I want to congratulate Kubo et al. [1] for their article in which they studied the effects of adjuvant chemotherapy and/or trastuzumab and survival outcomes among 2736 patients with small (≤ 2 cm), node-negative, human epidermal growth factor receptor 2 (HER2)-positive breast cancer, using data from the population-based Japanese National Clinical Database (NCD). NCD data revealed that systemic treatment improved OS in pT1b, and pT1c, but not in pT1a node-negative HER2+ breast cancer patients.
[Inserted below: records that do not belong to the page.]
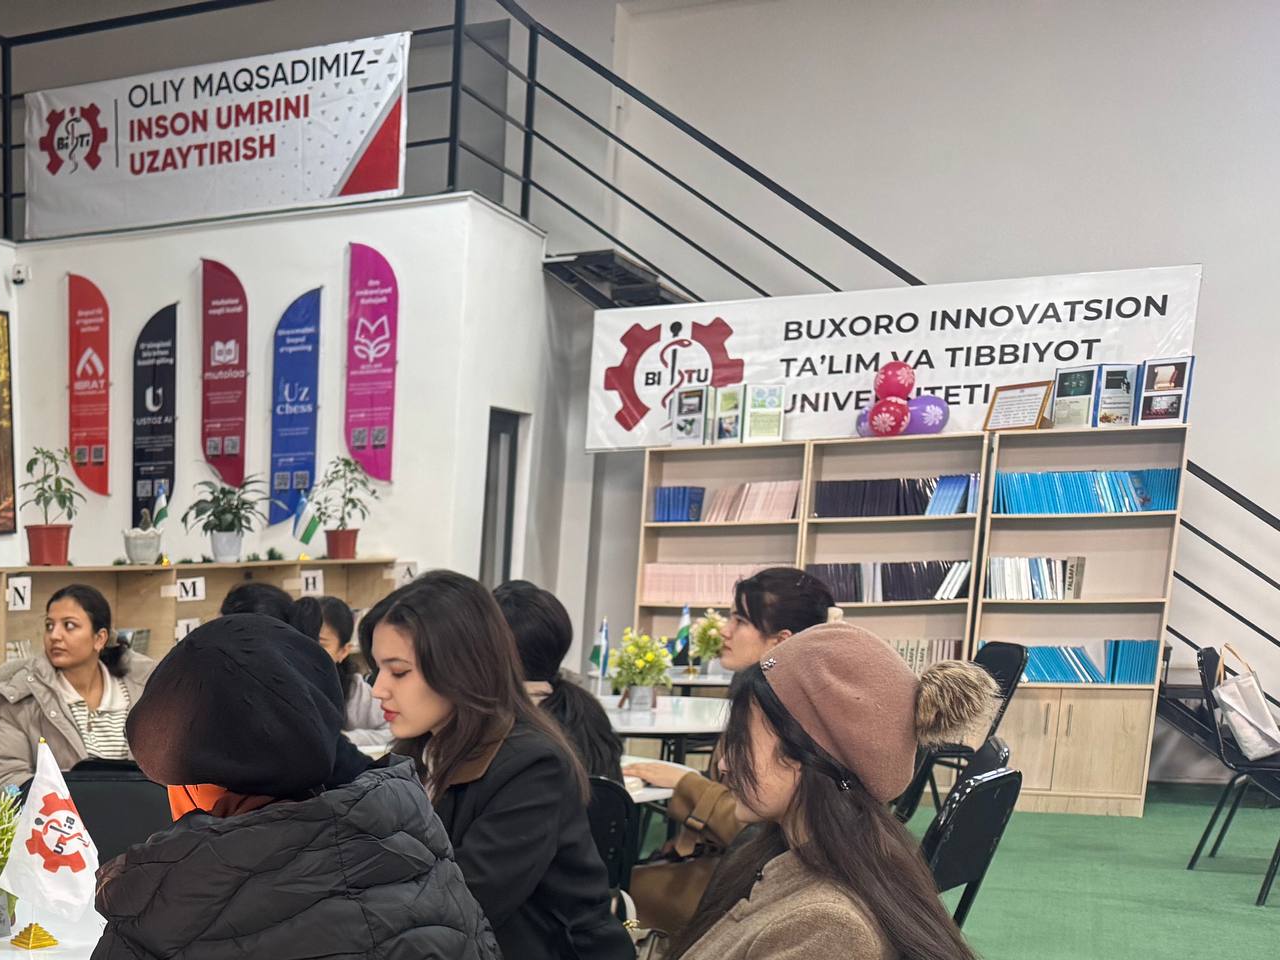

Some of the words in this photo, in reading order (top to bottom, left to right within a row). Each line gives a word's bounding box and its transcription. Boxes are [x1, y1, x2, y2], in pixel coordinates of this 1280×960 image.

[128, 78, 185, 110] OLIY
[129, 108, 209, 142] INSON
[216, 94, 310, 131] UMRINI
[129, 134, 276, 176] UZAYTIRISH
[784, 311, 919, 342] BUXORO
[929, 293, 1168, 331] INNOVATSION
[945, 338, 1101, 368] TIBBIYOT
[276, 403, 313, 416] Chess
[304, 576, 317, 591] H
[402, 566, 415, 579] A
[12, 585, 27, 606] N
[179, 580, 197, 598] M
Multifocal (MF) and multicentric (MC) breast cancers are relatively common clinical entities ranging from 6 to 60%. TNM-staging guidelines have been used to stage MF and MC patients according to the diameter of the largest lesions, without taking other foci of disease into consideration [2]. Furthermore, we evaluated the prognostic performance of determining the T stage according to the total size of lesions compared with the size of the largest lesion in the breast in patients with MF/MC breast cancer. The T stage of MF/MC tumors was determined according to the largest lesion size (Tmax) as well as the sum of the longest diameters of the lesions (Tsum) in the breast. MF/MC tumors were identified in 323 of 3890 patients (8.3%) with breast cancer. After the T stage was reassessed using Tsum, it was observed that the DFS of the 32 patients with MF/MC tumors whose T stage advanced from stage I to II was closer to patients with stage II tumors ,compared with those with stage I [3]. Considering pT1a MF or MC cases, one would expect that these cases would be staged up to pT1b or pT1c if multiple foci sum up. This issue should be clarified by authors to define robust benefit of treatment in pT1a cases.